Mira stared down at the glowing white heart stone in her hand. It was an oblong lump, much smaller than the first one she’d held months ago. It was still hot, but she harnessed its power to redirect that heat through her and into the earth. It couldn’t harm her unless she let it.
Someone had told her that demons didn’t die from having their heart stones removed. She could almost hear the sneer in Shy’s voice at the remembered words. She didn’t know what happened to the heart stone if the demon died though. It might crack and turn to ash in her hands.

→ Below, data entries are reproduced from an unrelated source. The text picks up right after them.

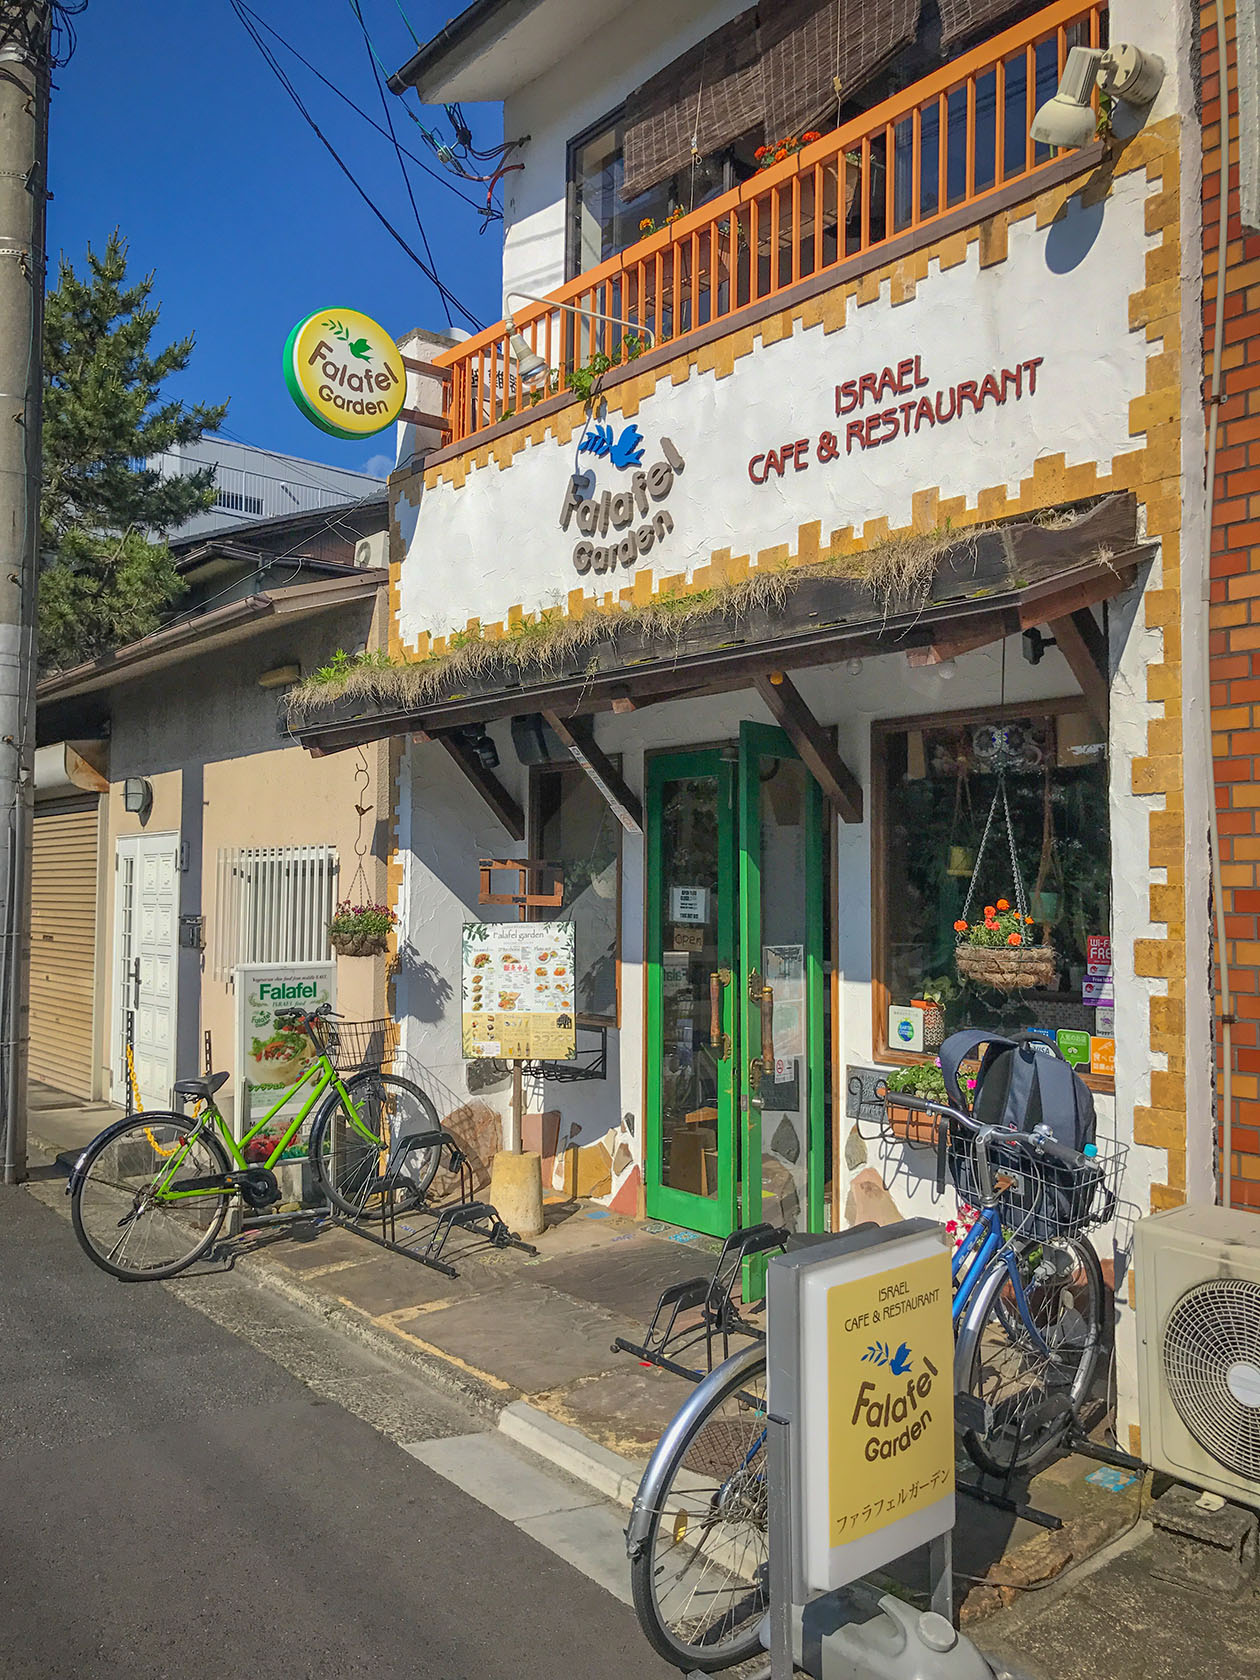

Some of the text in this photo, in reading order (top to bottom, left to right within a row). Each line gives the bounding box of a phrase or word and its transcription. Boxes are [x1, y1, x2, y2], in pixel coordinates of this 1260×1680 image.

[308, 340, 399, 393] Falafel
[835, 355, 929, 416] ISRAEL
[318, 385, 389, 415] Garden
[748, 357, 1043, 485] CAFE & RESTAURANT
[559, 436, 685, 538] Falafel
[573, 510, 674, 575] Garden
[518, 930, 545, 941] garden
[675, 934, 702, 946] Open
[1090, 938, 1111, 947] Wi-F
[260, 981, 317, 1000] Falafel
[844, 1288, 939, 1332] CAFE & RESTAURANT
[878, 1281, 909, 1302] ISRAEL
[852, 1356, 939, 1428] Falafel
[865, 1409, 932, 1462] Garden
[836, 1468, 950, 1535] ファラフェルガーデン
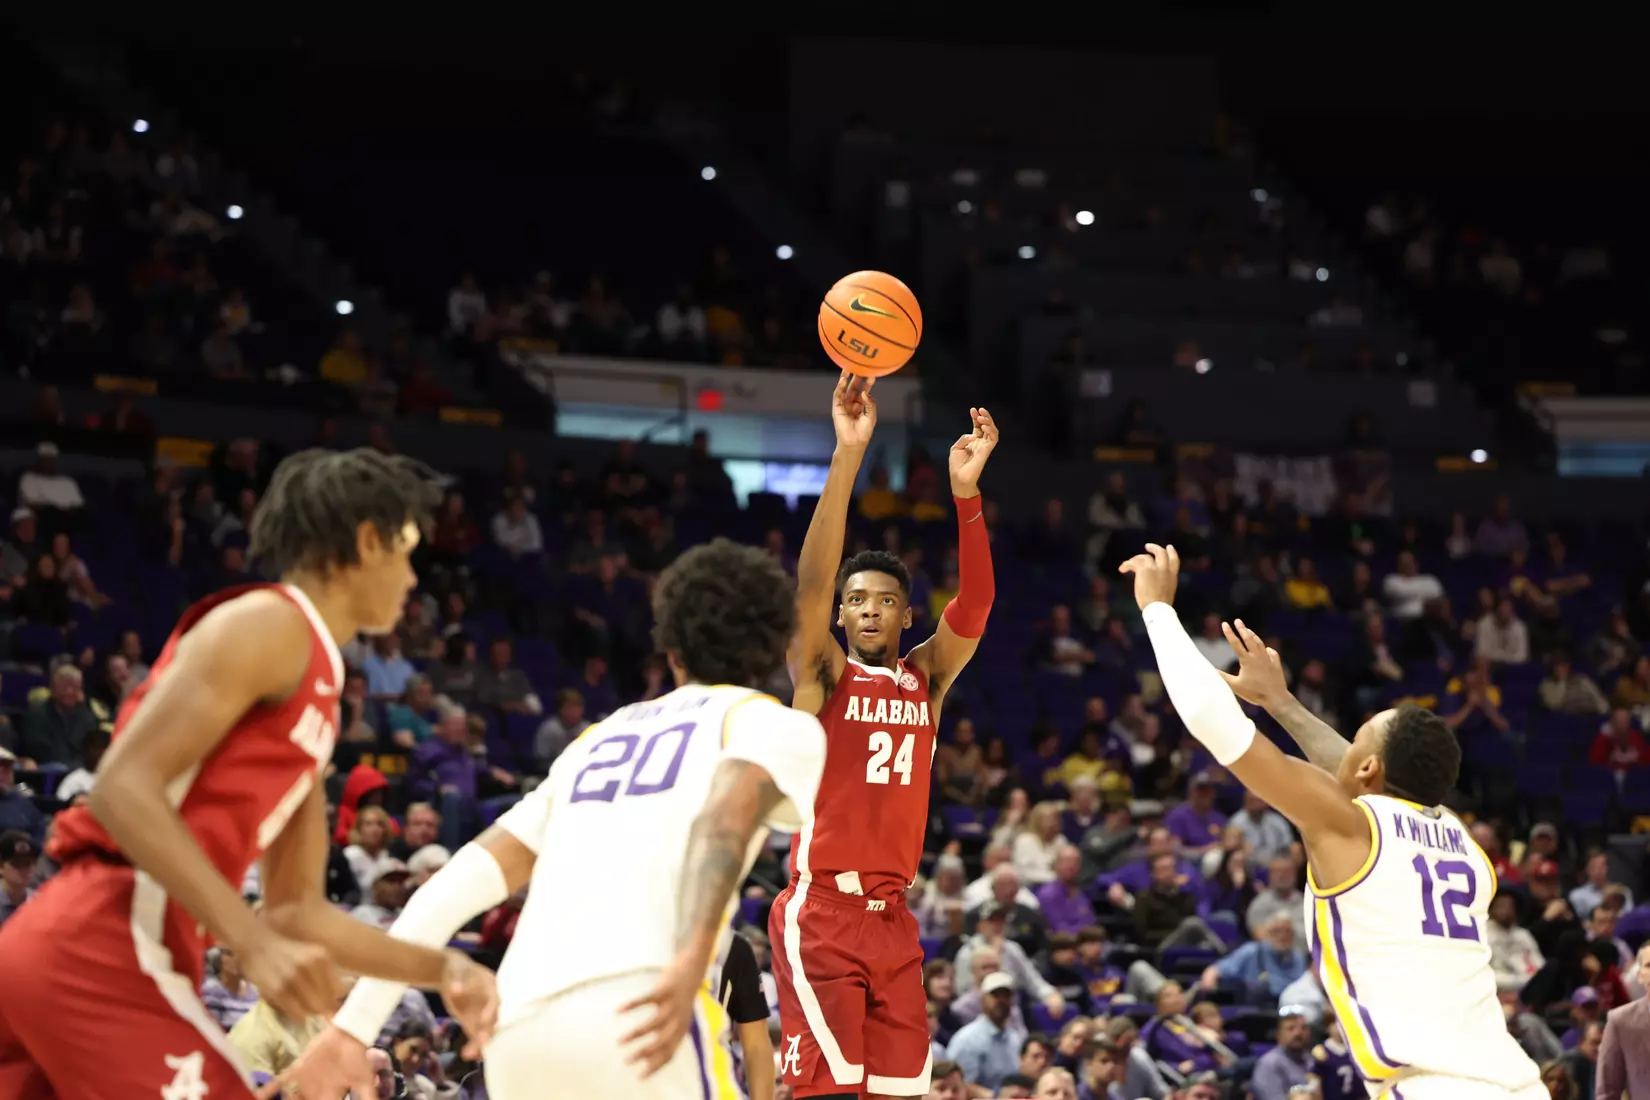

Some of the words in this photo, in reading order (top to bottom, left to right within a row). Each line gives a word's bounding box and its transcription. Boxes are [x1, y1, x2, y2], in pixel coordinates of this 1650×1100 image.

[837, 329, 879, 359] LSU
[569, 722, 698, 803] 20
[865, 730, 916, 785] 24
[1412, 853, 1480, 942] 12
[781, 1033, 802, 1077] A

The fires were out. The threat was ended. And Mira was unbelievably tired, the kind of bone deep weariness that she’d discovered when her family had died. It was a lack of will to keep going, the knowledge that she could just lay down and die. The only difference was that this time it was because the work was done, rather than not being able to see a reason to keep going.
Of course, the work wasn’t done. It hadn’t even begun yet. “I’m leaving,” she announced. “Do what you want with the demon. I don’t think it has the strength to be a threat anymore, but I could be wrong.”
“But, what about-” Drey started to say.
“I won’t be welcome here come sunrise. I’ve already learned that lesson. Everything that’s happened between us, Drey, let’s just call it even. Go back to your life. The people here need you.”
He didn’t look happy, but he didn’t say anything else. Mira fetched her backpack from where it was still sitting on the barrel she’d waited on. Then she walked away. At the edge of town, she saw the demon who’d shown up in her room at the inn watching her from the shadows.
He bowed his head and tugged his hood up. Mira gave him a tight-lipped glare in return. Even if the dark, even with the cloth mask covering his face, she could see his mouth move, though he was too quiet to hear his words. She didn’t have to though. She already knew what he’d said.
“Go ‘vuh kora’ yourself,” she muttered.
Then she left the devastated village of Rohaim behind and disappeared into the night.